• _ABOUT THIS TASK_
Transcribe the listing exactly, leaving out every picture.

• _THE DATA_
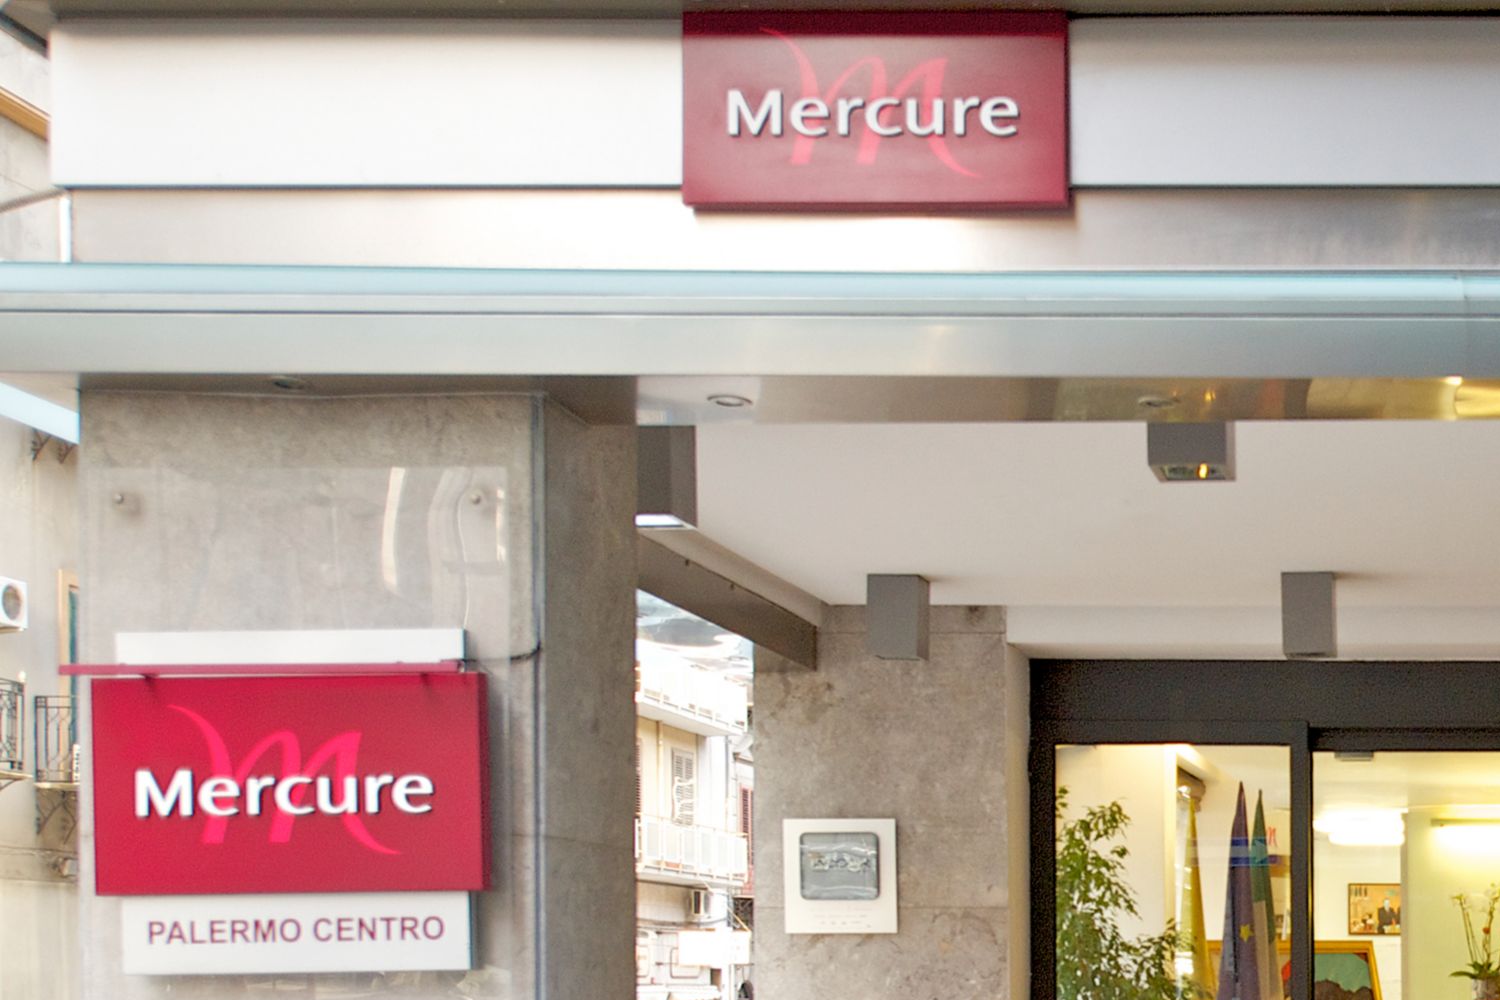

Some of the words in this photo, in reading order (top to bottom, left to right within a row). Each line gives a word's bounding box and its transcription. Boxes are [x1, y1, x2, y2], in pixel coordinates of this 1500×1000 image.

[726, 88, 1020, 138] Mercure
[134, 768, 434, 818] Mercure
[148, 917, 301, 945] PALERMO
[313, 915, 446, 942] CENTRO
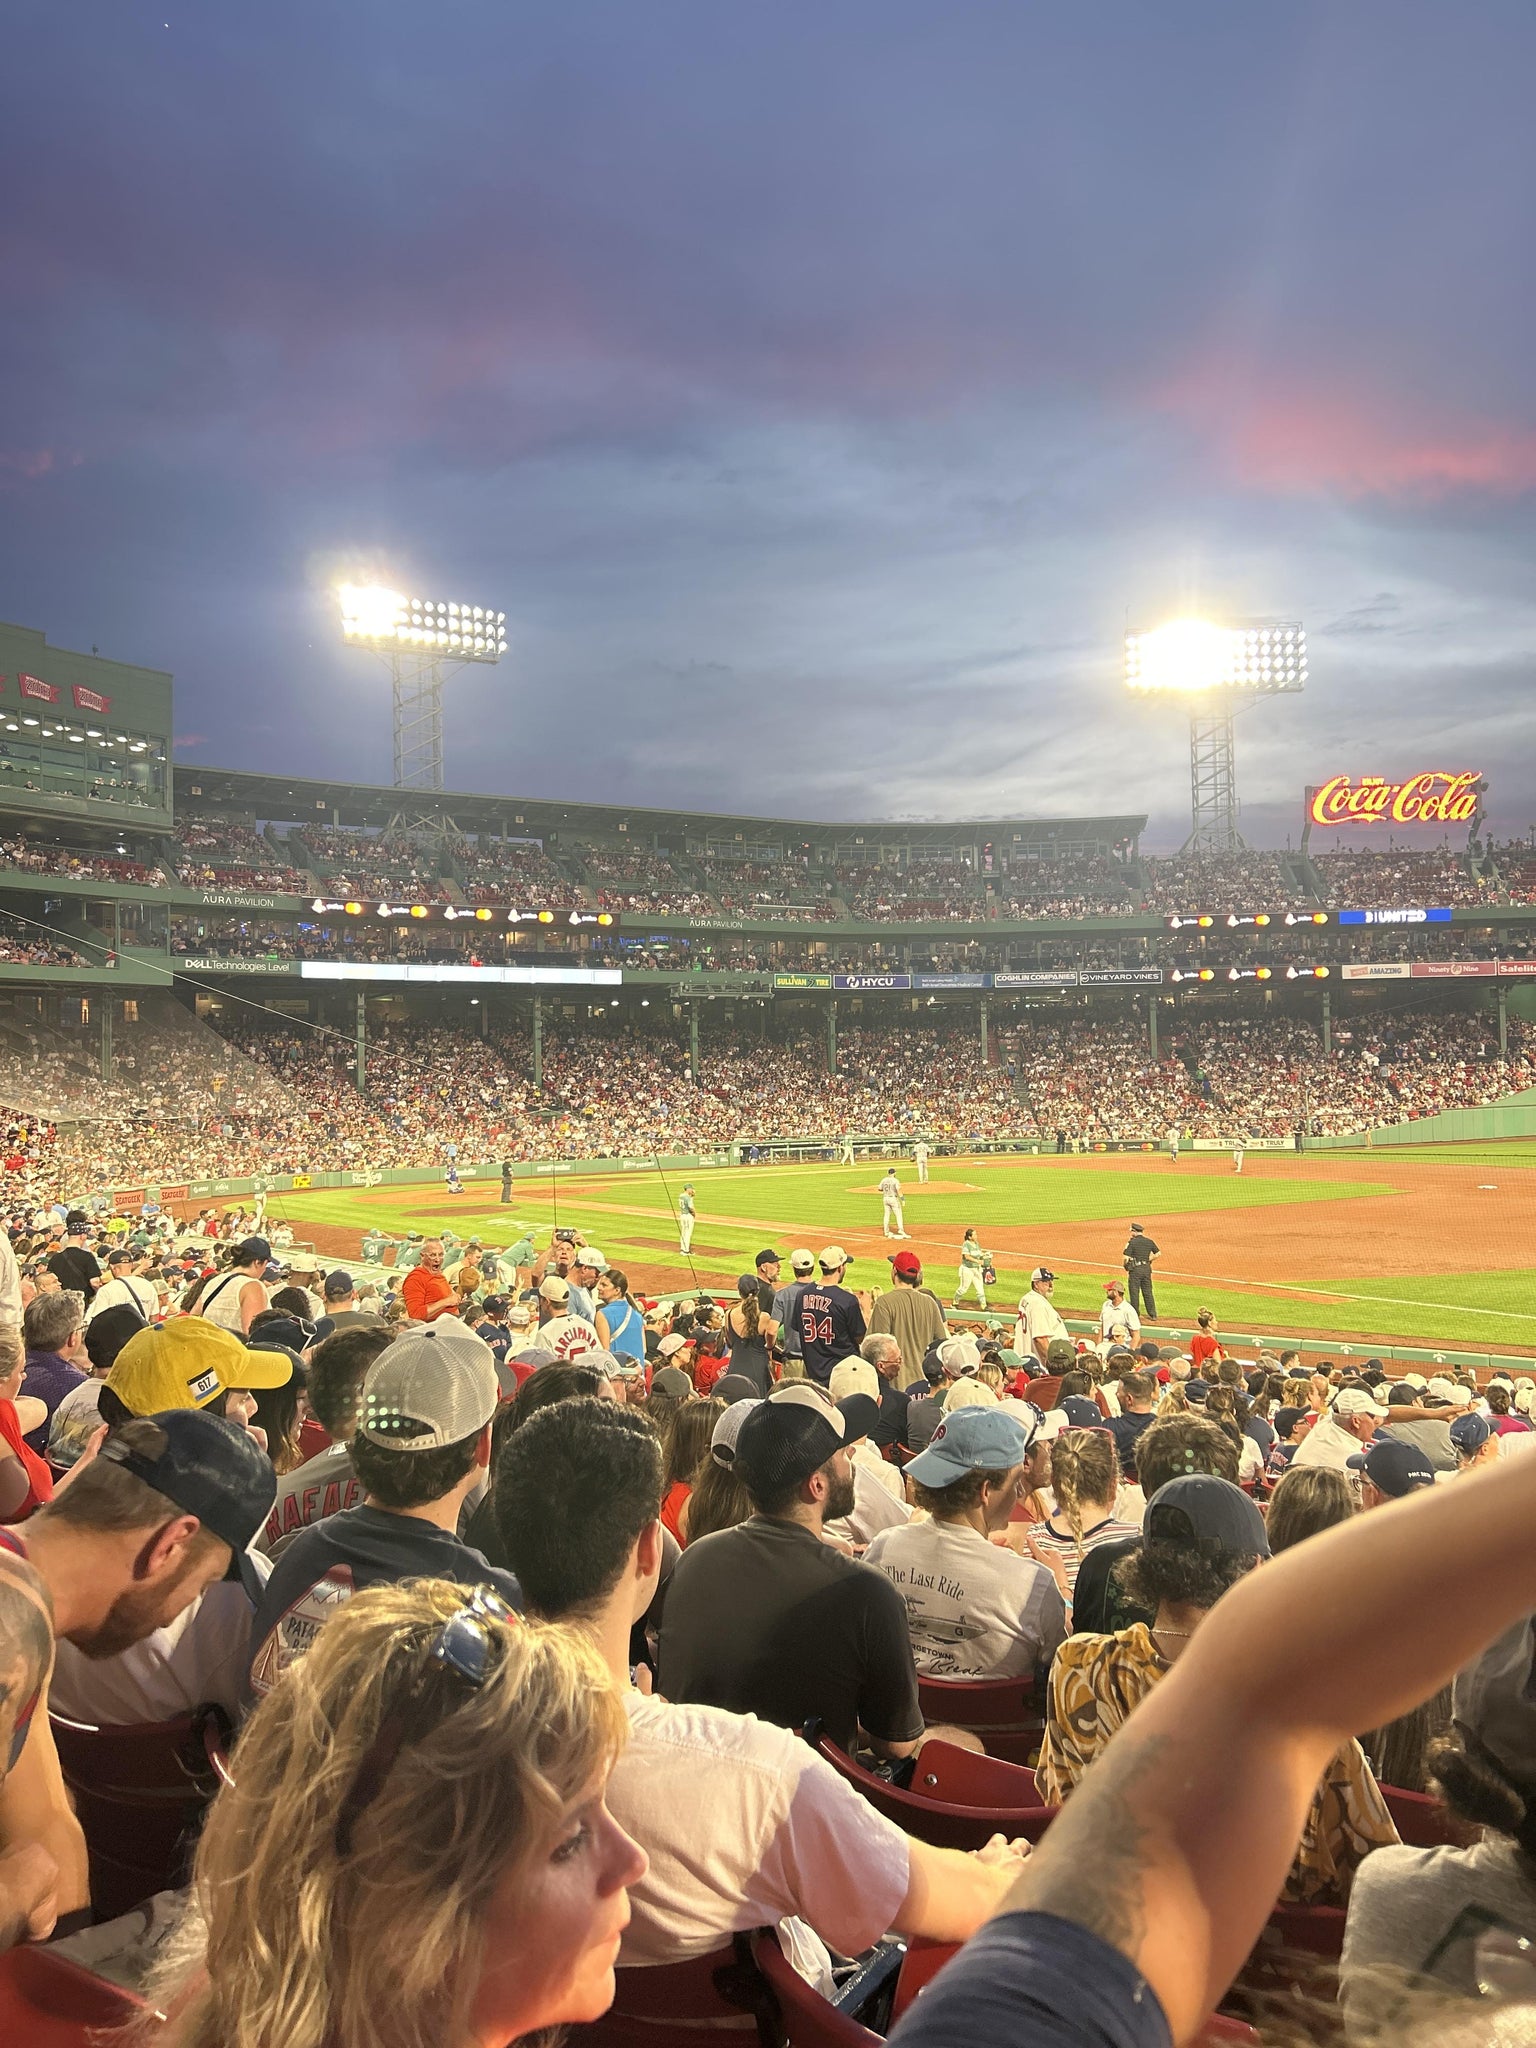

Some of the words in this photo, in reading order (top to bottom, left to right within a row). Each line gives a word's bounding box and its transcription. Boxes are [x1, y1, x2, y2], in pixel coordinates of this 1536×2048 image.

[1312, 771, 1482, 824] Coca-Cola
[234, 897, 274, 907] PAVILION
[1381, 910, 1427, 922] UNITED
[713, 920, 743, 928] PAVILION
[185, 960, 212, 968] DELL
[212, 960, 267, 972] Technologies
[268, 962, 290, 972] Level
[777, 977, 807, 985] SULLIVAN
[815, 978, 829, 986] TIRE
[861, 977, 894, 986] HYCU
[1030, 973, 1076, 981] COMPANIES
[115, 1194, 141, 1205] SEATGEEK
[161, 1189, 186, 1200] SEATGEEK
[802, 1294, 833, 1313] ORTIZ
[801, 1313, 836, 1345] 34
[197, 1377, 212, 1392] 617
[265, 1477, 368, 1545] RAFAE
[885, 1565, 906, 1583] The
[910, 1568, 935, 1589] Last
[938, 1575, 965, 1602] Ride
[954, 1627, 964, 1636] G
[927, 1656, 985, 1677] Break
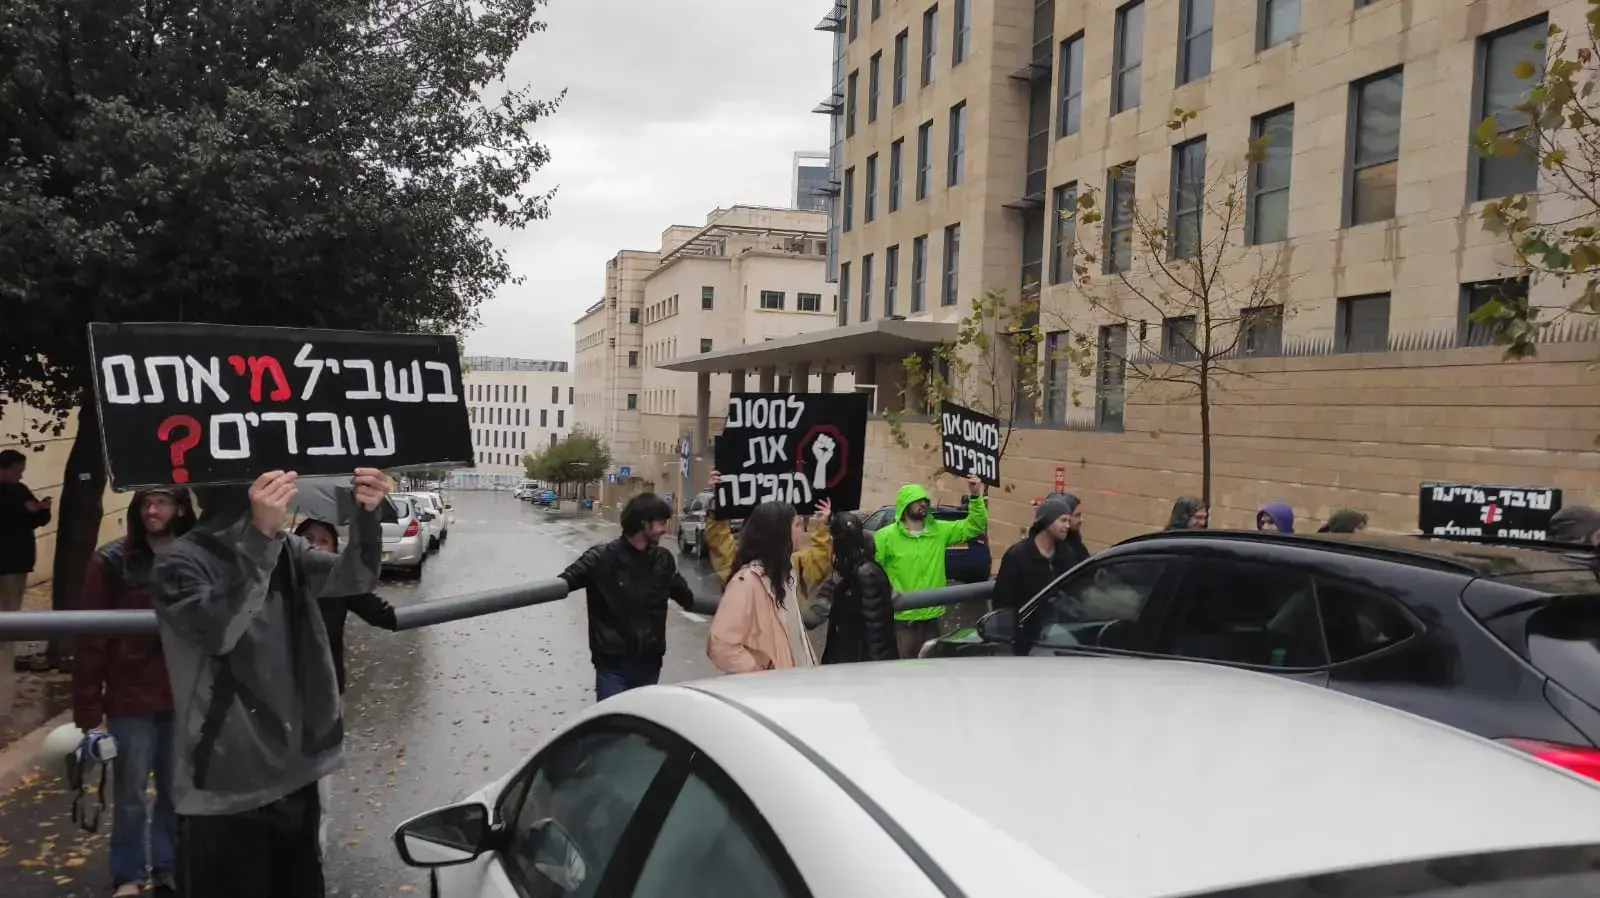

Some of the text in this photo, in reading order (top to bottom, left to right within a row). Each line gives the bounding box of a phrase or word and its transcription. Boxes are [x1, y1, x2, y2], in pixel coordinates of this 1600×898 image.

[101, 343, 459, 405] בשביל מי אתם
[725, 394, 805, 429] לחסום
[942, 413, 999, 450] לחסום את
[742, 434, 788, 468] את
[718, 471, 812, 507] ההפיכה

• _RESPONSE FOR THIS EXERCISE_
Some of the words in this photo, in reading order (top to bottom, left to right within a row). Each line gives a word's bounding box and its transcription. Boxes are [x1, y1, x2, y2], in pixel coordinates of this 1500×1000 image.

[726, 88, 1020, 138] Mercure
[134, 768, 434, 818] Mercure
[148, 917, 301, 945] PALERMO
[313, 915, 446, 942] CENTRO

Some of the words in this photo, in reading order (top to bottom, left to right within a row). Each line gives a word's bounding box and its transcription. Boxes are [x1, y1, x2, y2], in pixel coordinates of this 1536×2048 image.

[1312, 771, 1482, 824] Coca-Cola
[234, 897, 274, 907] PAVILION
[1381, 910, 1427, 922] UNITED
[713, 920, 743, 928] PAVILION
[185, 960, 212, 968] DELL
[212, 960, 267, 972] Technologies
[268, 962, 290, 972] Level
[777, 977, 807, 985] SULLIVAN
[815, 978, 829, 986] TIRE
[861, 977, 894, 986] HYCU
[1030, 973, 1076, 981] COMPANIES
[115, 1194, 141, 1205] SEATGEEK
[161, 1189, 186, 1200] SEATGEEK
[802, 1294, 833, 1313] ORTIZ
[801, 1313, 836, 1345] 34
[197, 1377, 212, 1392] 617
[265, 1477, 368, 1545] RAFAE
[885, 1565, 906, 1583] The
[910, 1568, 935, 1589] Last
[938, 1575, 965, 1602] Ride
[954, 1627, 964, 1636] G
[927, 1656, 985, 1677] Break

Some of the text in this photo, in reading order (top to bottom, left to right within a row). Each line gives the bounding box of a phrase or word and its transcription. Boxes are [x1, y1, x2, y2], in pixel coordinates of this 1600×898 image.

[101, 343, 459, 405] בשביל מי אתם
[725, 394, 805, 429] לחסום
[942, 413, 999, 450] לחסום את
[742, 434, 788, 468] את
[718, 471, 812, 507] ההפיכה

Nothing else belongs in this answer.